4721 sayılı Türk Medeni Kanunu’nun 83’üncü maddesine göre ise “Toplantıda hazır bulunan ve kanuna veya tüzüğe aykırı olarak alınan genel kurul kararlarına katılmayan her üye, karar tarihinden başlayarak bir ay içinde; toplantıda hazır bulunmayan her üye kararı öğrenmesinden başlayarak bir ay içinde ve her halde karar tarihinden başlayarak üç ay içinde mahkemeye başvurmak suretiyle kararın iptalini isteyebilir. Diğer organların kararlarına karşı, dernek içi denetim yolları tüketilmedikçe iptal davası açılamaz. Genel kurul kararlarının yok veya mutlak butlanla hükümsüz sayıldığı durumlar saklıdır.” Belirtilen düzenleme sendika genel kurul kararlarının iptalinin hukuki dayanağını oluşturmakta olup, sendikanın diğer organlarının kararlarının iptaline dair 4721 sayılı Kanun’da da açık bir düzenleme bulunmamaktadır.
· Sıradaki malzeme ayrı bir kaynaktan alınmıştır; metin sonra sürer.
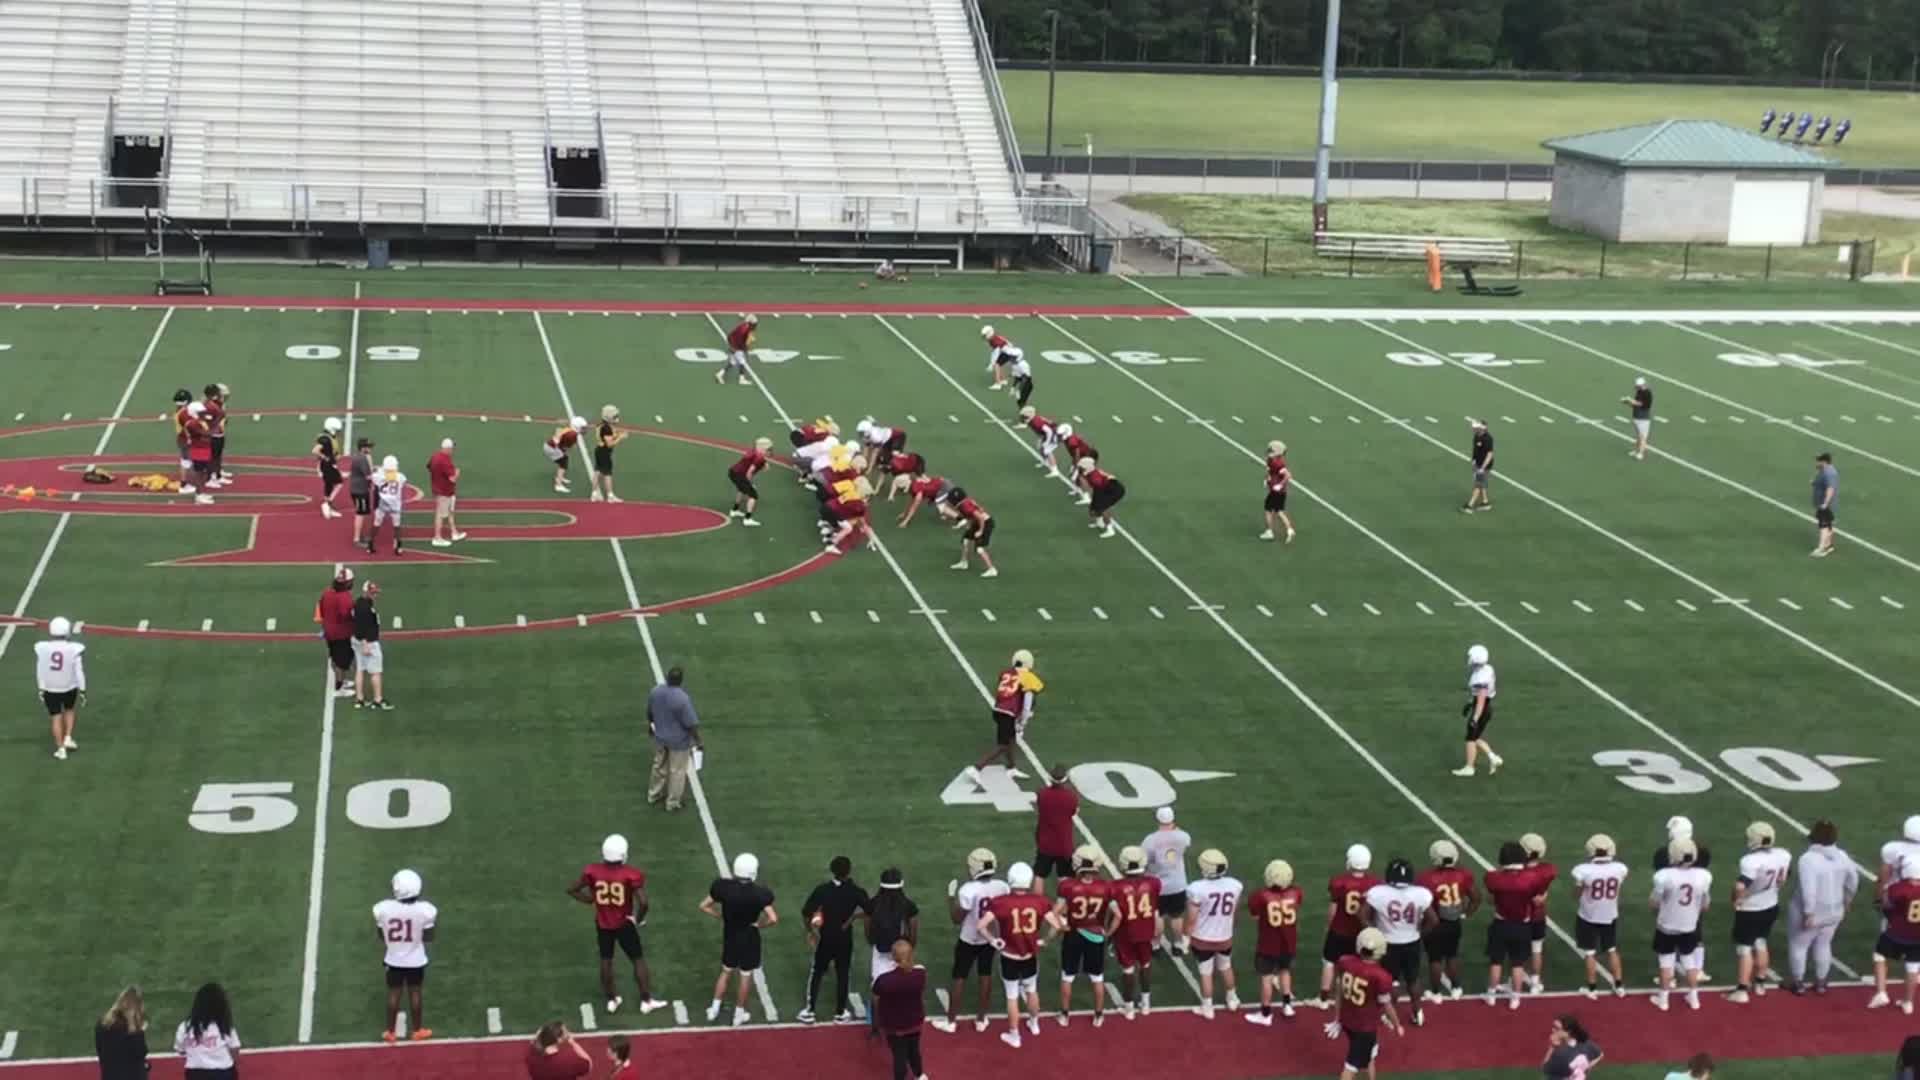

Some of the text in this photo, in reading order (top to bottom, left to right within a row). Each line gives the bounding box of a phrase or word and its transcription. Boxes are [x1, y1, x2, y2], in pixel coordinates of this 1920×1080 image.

[50, 651, 64, 671] 9
[1592, 747, 1841, 795] 30
[940, 762, 1177, 812] 40
[188, 779, 451, 834] 50
[595, 881, 625, 907] 29
[1437, 882, 1461, 906] 31
[1592, 877, 1618, 900] 88
[1678, 883, 1693, 906] 3
[1071, 896, 1103, 919] 37
[1126, 893, 1153, 920] 14
[1208, 892, 1235, 916] 76
[1267, 898, 1297, 928] 65
[1387, 900, 1416, 923] 64
[388, 918, 414, 943] 21
[1011, 907, 1038, 934] 13
[1342, 971, 1369, 1007] 85
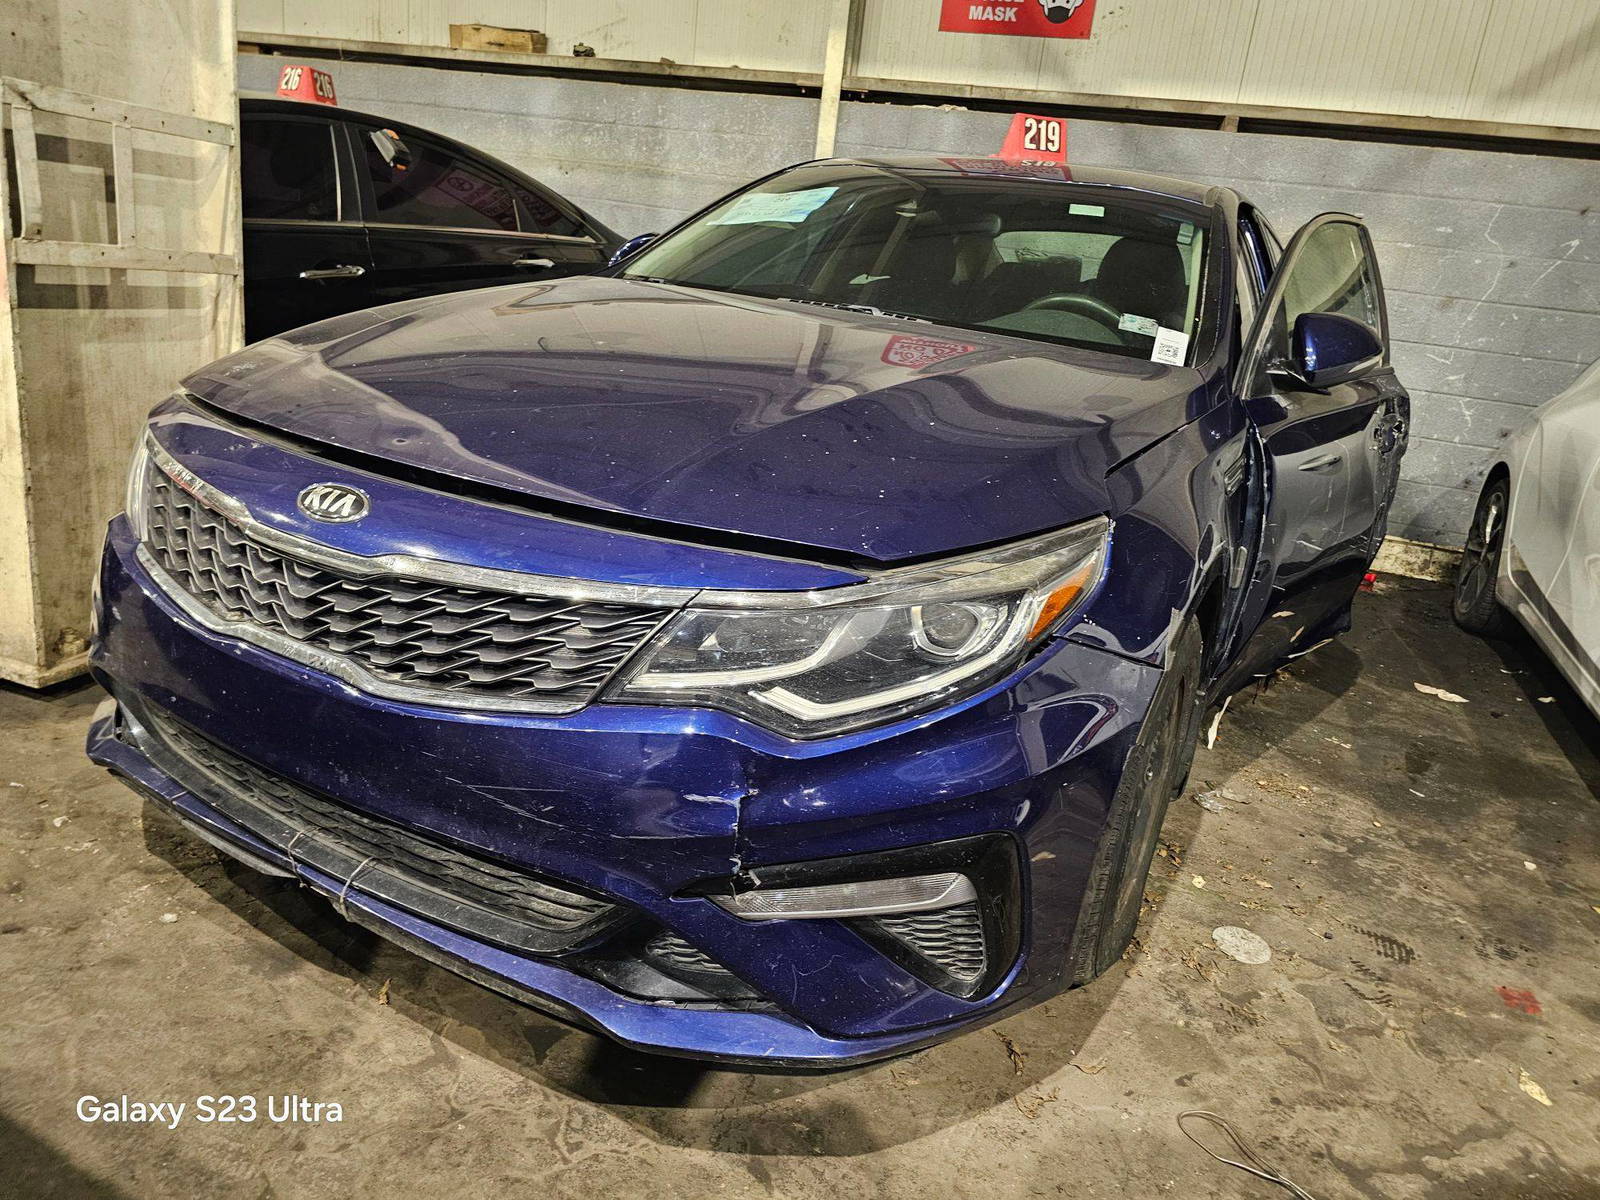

Bununla birlikte sendikanın en geniş yetkilere sahip nihai karar organı olan genel kurulun kararlarına karşı yargı yoluna başvurulması hak düşürücü süreye tabi tutulmuşken diğer zorunlu organların kararlarına karşı yargı yoluna başvurulmasının herhangi bir süre sınırına tabi olmadığını söylemek güçtür.…
Buna göre 4721 sayılı Türk Medeni Kanunu’nun 83’üncü maddesinin birinci fıkrasında öngörülen hak düşürücü sürenin kıyasen diğer zorunlu organların kararlarına karşı açılacak davalarda da uygulanabileceğinin kabulü gereklidir.”…
Yüksek Mahkeme, isabetli görüşünü 2019 ve 2020 yıllarında verdiği kararlarda da devam…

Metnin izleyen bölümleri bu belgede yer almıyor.